On the flip side, some lines were inexplicably left as-is:

So the updated translation is definitely better, but it still needs work.

There’s More

These are just a tiny percent of the strange translations in Ayakashi Koi Gikyoku, so if you want to see more, definitely check out the game for yourself. And if you discover any other Switch games with bad translations, share them in the comments or on Twitter so we can take a detailed look at them here!

20 Comments
  1. Arandomshotinthedark

    ‘I was walking while looking at mackerel sky.’ It’s an odd sentence, but mackerel skies are definitely a thing! It’s cirrocumulus/altocumulus clouds in a pattern that looks kind of like fish scales. Though the pic shown has cumulus clouds (or what appears to be anyway), not the clouds that actually make up a mackerel sky.

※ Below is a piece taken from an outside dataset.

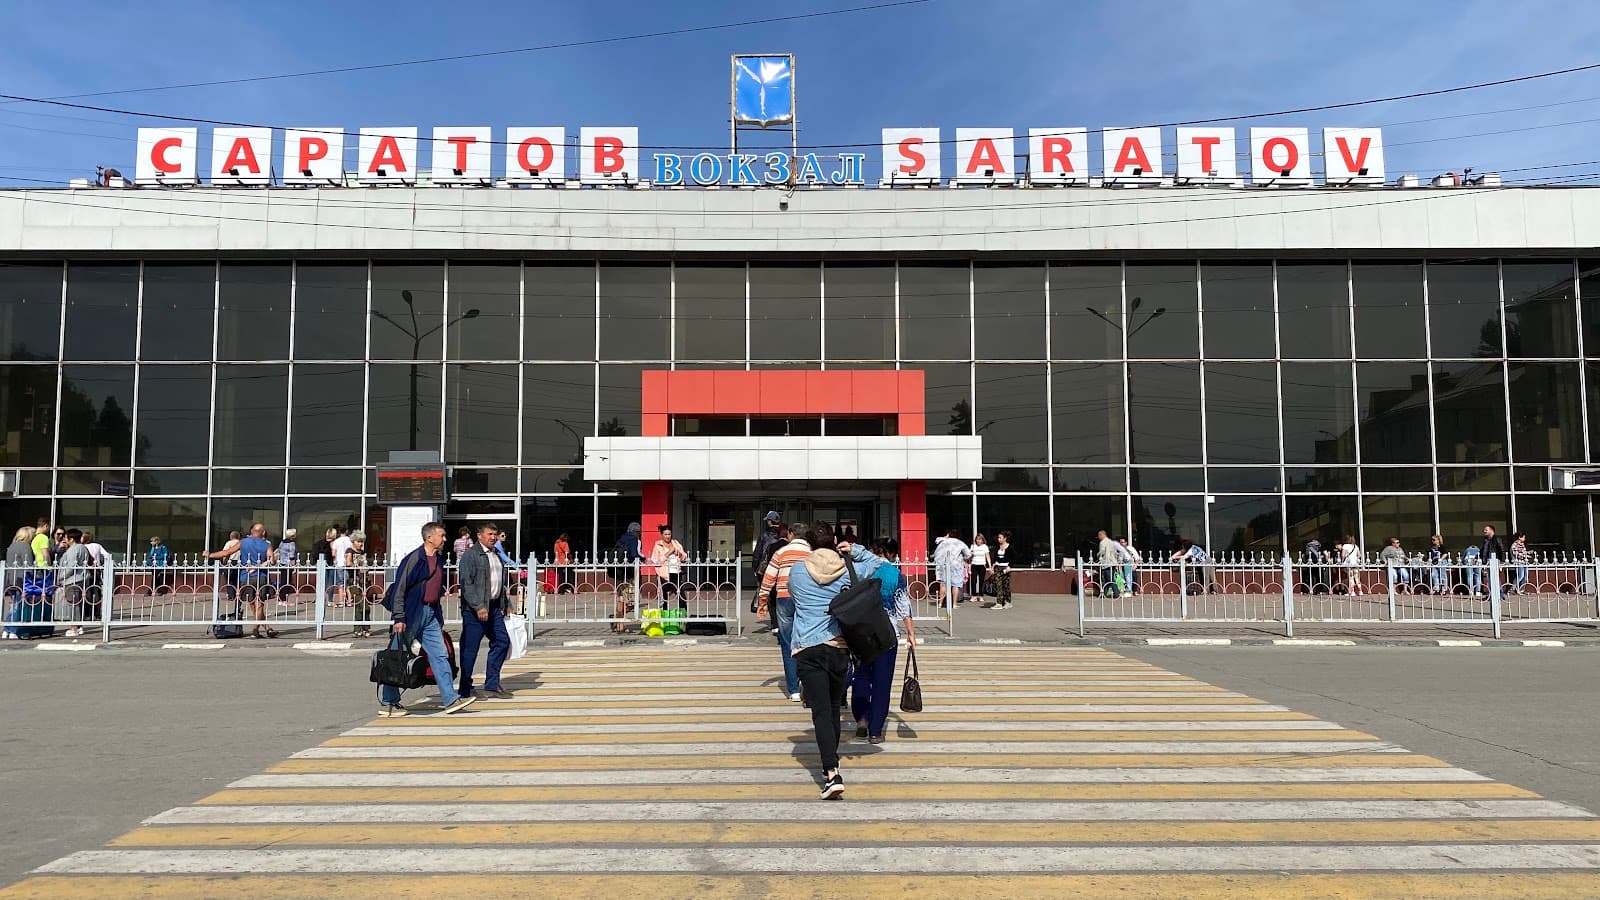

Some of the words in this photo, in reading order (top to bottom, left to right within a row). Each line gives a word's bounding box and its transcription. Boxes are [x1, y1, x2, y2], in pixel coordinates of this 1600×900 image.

[150, 137, 626, 174] САРАТОВ
[654, 152, 866, 186] ВОКЗАЛ
[898, 137, 1372, 174] SARATOV

    I’m actually pretty surprised that was what was translated, given how everything else was…

    1. Ah, yeah! I had to look up that term and saw that I’ve definitely seen the sky look like that. I thought it was a funny phrase though, so I included it 🙂

  2. Wow, these translations sure create the sexy mood they’re going for.

    I love these Heidi, so I hope you’re enjoying the badness.

    On ‘breathing with his shoulder’ my quick guess would be that shoulder = kata, iki = breathing but kata also = excessively and iki also = going – so it was really ‘going all out’.

    1. 片息 (kataiki, lit. fragmented breath), that is, difficult or heavy breathing can apparently also be spelled 肩息 (lit. shoulder breath):
      https://tangorin.com/words?search=%E8%82%A9%E6%81%AF
      Incidentally, Google Translate translates 肩息する as “To have a shoulder breath”.

      1. Good catch – we’d need to see more examples, but it sure makes sense in the above one. Also explains how stupid machine translation would get it more naturally.

      2. Ahhh! Thanks for that insight

    2. Ah, and here I was wondering if it was referring to armpit farts.

  3. This translation is called a crap. 😛

  4. Is the dithering supposed to invoke memories of early 90s limited color graphics?

    1. Nothing about the art is good – the ‘sexy’ main characters are mid-tier tumblr level. So I’m guessing it’s supposed to invoke ‘this was cheap to outsource from existing generic backgrounds’. But if you want to be generous it kind of works to keep your focus on the characters by making the backgrounds hazy and low contrast since they don’t really matter. It’s the one semi-competent bit in all of this!

      1. The band shot is especially amusing. It’s like the artist heard that one needs to vary perspective between drawings to keep things interesting but didn’t understand what that meant and ended up having every band member oriented at a different angle. It doesn’t help that the drawings were probably made into individual assets and eventually placed haphazardly by a programmer with no eye for aesthetics.

  5. Just to let you know, the transcription has an error of its own: ‘the stars in the basement’ where the screenshot has ‘stairs’.

    1. Whoops! Thank you

  6. Holy crap, looks like those SakuraGame machine translations.

  7. Now I need to remember to greet the next person who I haven’t seen in a while with “You seem to be in health I suppose.”

  8. This is one in a series of games where it seems like an English speaker said the words aloud into a speech-to-text program, the transcription of which was thrown into the game sans editing. Is that a common technique or something?

  9. “U/ki pushed sausage-shaped in octopus into my mouth” sounds to me like the original translator came up with “sausage shaped in octopus,” and then an editor looked at the line and realized “Hey, in English, you’re supposed to hyphenate the phrase ‘thing-shaped’!”

    (The transcription under the picture leaves out the word “in,” by the way.)

    1. Haha, I guess I was subconsciously fixing the grammar as I transcribed some of those XD

  10. “He took my head and ran”
    Well that’s not very nice now is it? I can’t rofl

  11. So, what, they hired a proofreader to double-check and clean up their Engrish but could only afford to pay them for half the game? What happened here?